Preventions and Treatments for Diabetic Foot Ulcer
Patients with poorly regulated blood sugar levels often develop diabetic ulcers and open lesions on the feet. In 15% of persons with diabetes, a diabetic foot diagnosis is made, while 1 in every five individuals may need hospitalization due to the illness. Diabetic peripheral neuropathy & peripheral arterial disease are some of the most prevalent disease conditions that impact the feet in patients with diabetes.
Debridement promotes wound healing by removing sick or dead skin & tissue from the wound. Using skin grafts to replace damaged or missing skin may speed up recovery and lower the chance of infection. Depending on the patient, the skin may be removed from the patient’s thigh or a donor; both options are possible. Vascular surgery or angioplasty, aids in restoring proper blood flow to the wound site, fosters healing and results in better skin. The bone may be shaved or removed to treat abnormalities like hammertoes, heel spurs, and bunions that impose pressure on the adjacent tissue.

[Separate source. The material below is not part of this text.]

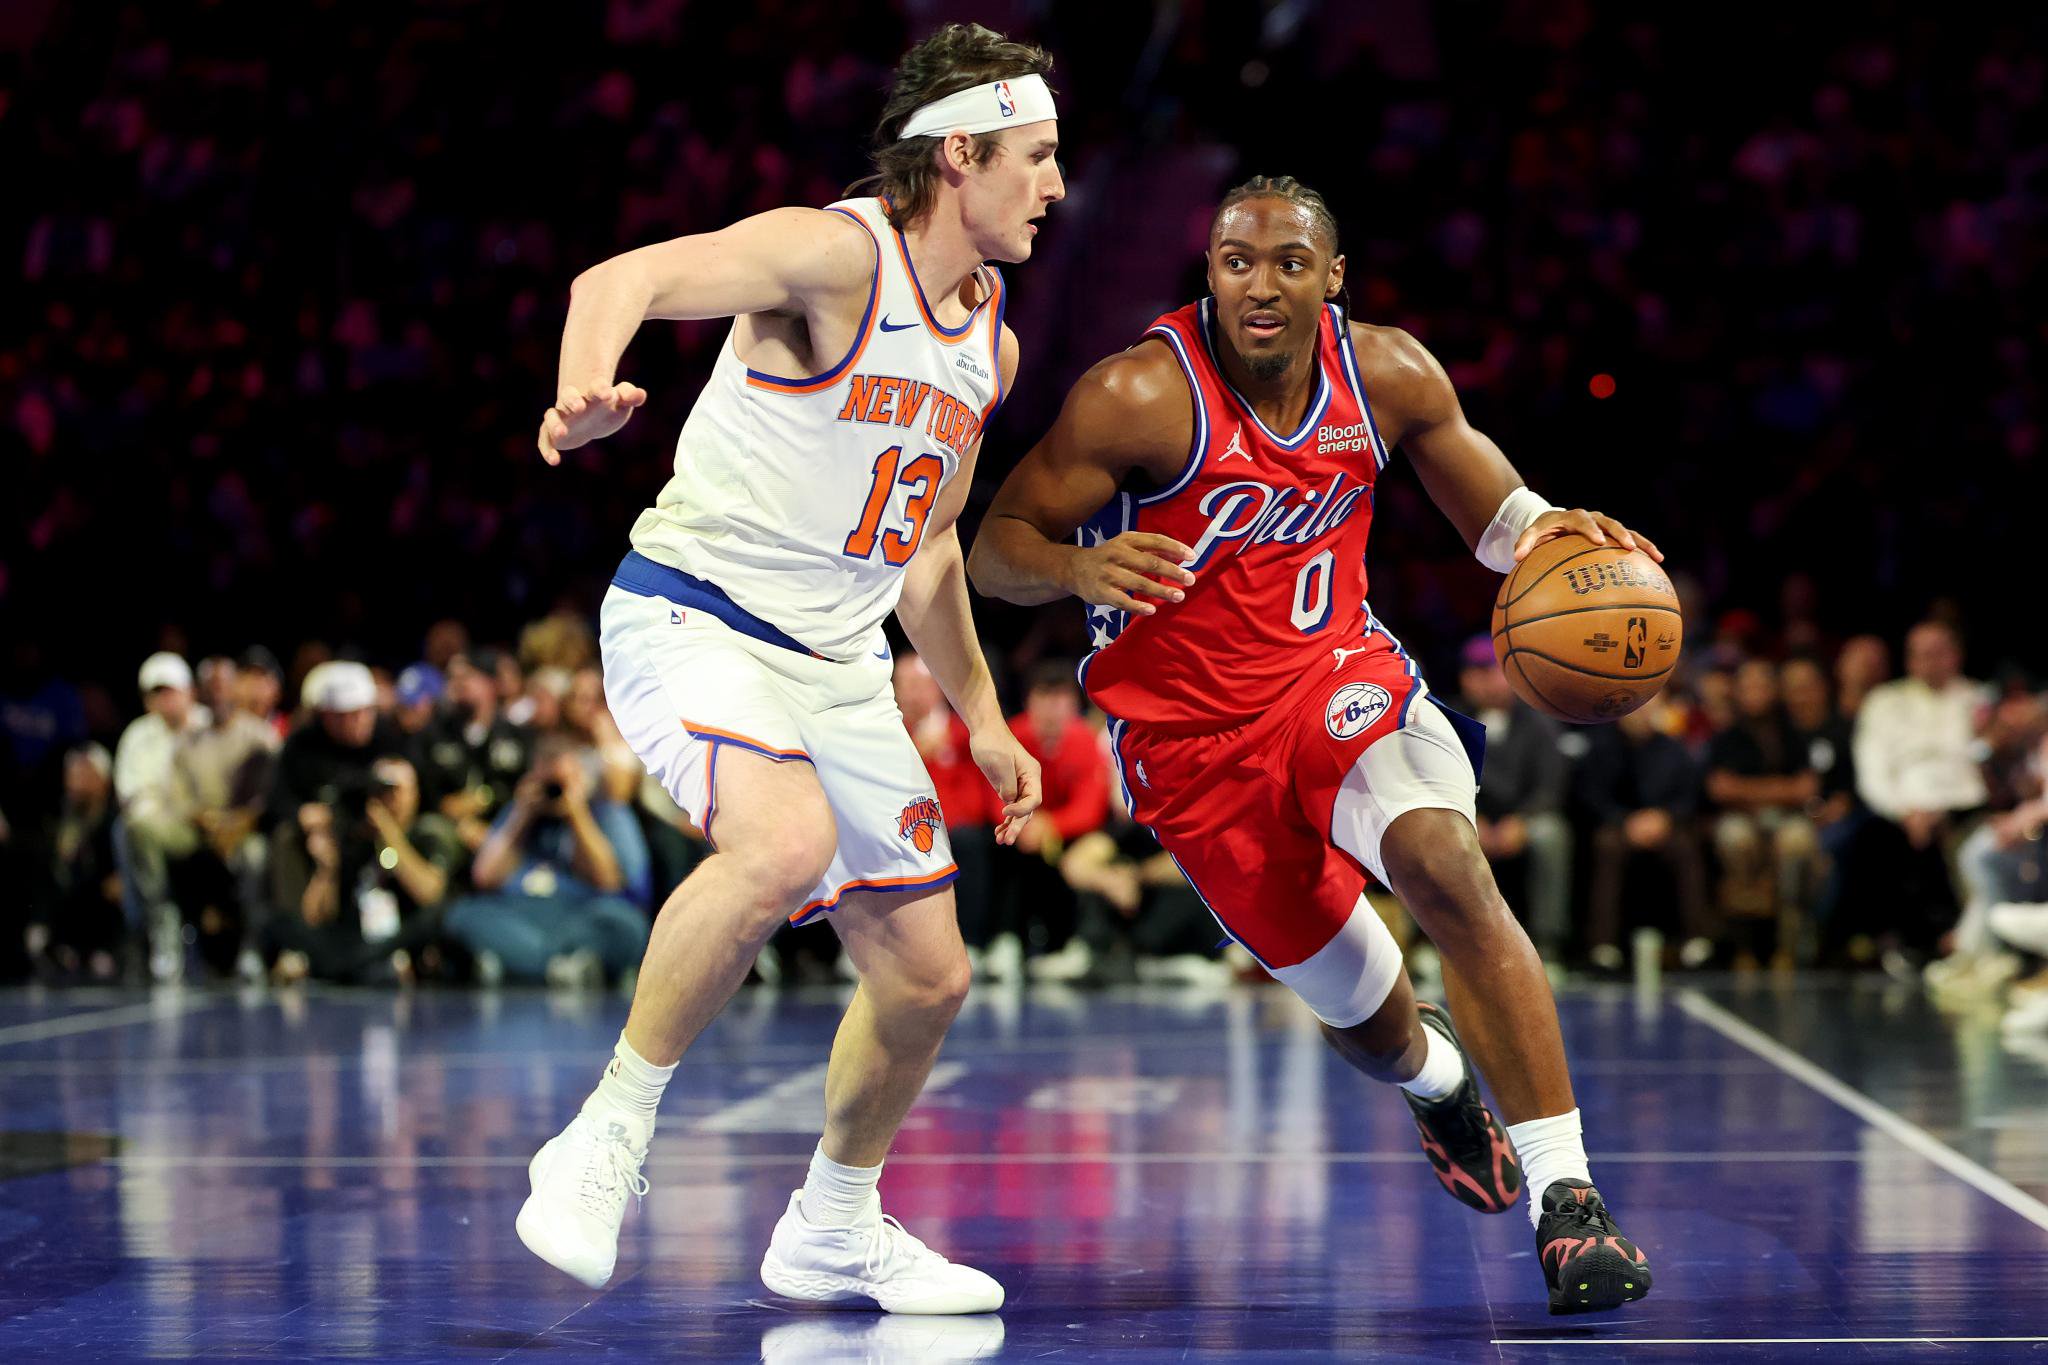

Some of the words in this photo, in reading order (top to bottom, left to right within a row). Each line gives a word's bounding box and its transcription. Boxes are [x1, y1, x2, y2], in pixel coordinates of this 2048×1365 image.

To lower the chance of recurrence over the long run, you must maintain blood sugar control, nutrition, or blood flow. Your medical team will collaborate with you to implement doable adjustments to support the long-term health objectives.
These fundamental foot care guidelines will help lower your chance of developing foot ulcers, enhance your general health, and help you regulate your blood sugar levels.
As podiatrists, always take future foot functioning and wound healing into account. Suppose surgery is the best diabetic foot ulcer treatment for you. In that case, a method is suggested to address your pain and infection straight away, allowing you to move more freely and with less discomfort.